• **DATA FOR ANALYSIS**:
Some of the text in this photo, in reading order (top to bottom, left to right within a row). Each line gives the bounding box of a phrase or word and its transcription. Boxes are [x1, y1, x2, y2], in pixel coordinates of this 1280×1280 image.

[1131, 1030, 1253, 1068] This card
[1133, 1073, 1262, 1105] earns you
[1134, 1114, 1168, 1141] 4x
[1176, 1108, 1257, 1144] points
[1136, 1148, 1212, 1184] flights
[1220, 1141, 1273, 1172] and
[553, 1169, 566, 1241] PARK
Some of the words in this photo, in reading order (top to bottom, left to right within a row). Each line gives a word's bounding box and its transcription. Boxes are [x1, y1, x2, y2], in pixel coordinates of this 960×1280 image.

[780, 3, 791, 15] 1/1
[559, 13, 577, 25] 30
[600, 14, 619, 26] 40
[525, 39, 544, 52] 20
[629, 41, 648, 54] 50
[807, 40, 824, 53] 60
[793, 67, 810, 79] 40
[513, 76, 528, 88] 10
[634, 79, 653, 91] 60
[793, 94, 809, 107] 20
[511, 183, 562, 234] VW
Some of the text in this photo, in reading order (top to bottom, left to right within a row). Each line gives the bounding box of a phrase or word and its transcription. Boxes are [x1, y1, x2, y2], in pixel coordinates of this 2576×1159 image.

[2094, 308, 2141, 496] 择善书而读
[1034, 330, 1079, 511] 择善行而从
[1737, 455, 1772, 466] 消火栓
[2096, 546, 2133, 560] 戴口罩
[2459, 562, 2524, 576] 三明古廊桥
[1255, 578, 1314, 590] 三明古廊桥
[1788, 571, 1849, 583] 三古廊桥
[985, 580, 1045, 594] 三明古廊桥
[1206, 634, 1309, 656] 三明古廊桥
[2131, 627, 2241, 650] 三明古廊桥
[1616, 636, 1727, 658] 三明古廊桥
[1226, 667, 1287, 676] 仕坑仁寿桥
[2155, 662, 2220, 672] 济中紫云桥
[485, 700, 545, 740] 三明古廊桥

• **WORK REQUIRED**: Every line above has to be restated word for word.

• **THE COMPLETED TASK**:
Some of the text in this photo, in reading order (top to bottom, left to right within a row). Each line gives the bounding box of a phrase or word and its transcription. Boxes are [x1, y1, x2, y2], in pixel coordinates of this 1280×1280 image.

[1131, 1030, 1253, 1068] This card
[1133, 1073, 1262, 1105] earns you
[1134, 1114, 1168, 1141] 4x
[1176, 1108, 1257, 1144] points
[1136, 1148, 1212, 1184] flights
[1220, 1141, 1273, 1172] and
[553, 1169, 566, 1241] PARK
Some of the words in this photo, in reading order (top to bottom, left to right within a row). Each line gives a word's bounding box and its transcription. Boxes are [x1, y1, x2, y2], in pixel coordinates of this 960×1280 image.

[780, 3, 791, 15] 1/1
[559, 13, 577, 25] 30
[600, 14, 619, 26] 40
[525, 39, 544, 52] 20
[629, 41, 648, 54] 50
[807, 40, 824, 53] 60
[793, 67, 810, 79] 40
[513, 76, 528, 88] 10
[634, 79, 653, 91] 60
[793, 94, 809, 107] 20
[511, 183, 562, 234] VW
Some of the text in this photo, in reading order (top to bottom, left to right within a row). Each line gives the bounding box of a phrase or word and its transcription. Boxes are [x1, y1, x2, y2], in pixel coordinates of this 2576×1159 image.

[2094, 308, 2141, 496] 择善书而读
[1034, 330, 1079, 511] 择善行而从
[1737, 455, 1772, 466] 消火栓
[2096, 546, 2133, 560] 戴口罩
[2459, 562, 2524, 576] 三明古廊桥
[1255, 578, 1314, 590] 三明古廊桥
[1788, 571, 1849, 583] 三古廊桥
[985, 580, 1045, 594] 三明古廊桥
[1206, 634, 1309, 656] 三明古廊桥
[2131, 627, 2241, 650] 三明古廊桥
[1616, 636, 1727, 658] 三明古廊桥
[1226, 667, 1287, 676] 仕坑仁寿桥
[2155, 662, 2220, 672] 济中紫云桥
[485, 700, 545, 740] 三明古廊桥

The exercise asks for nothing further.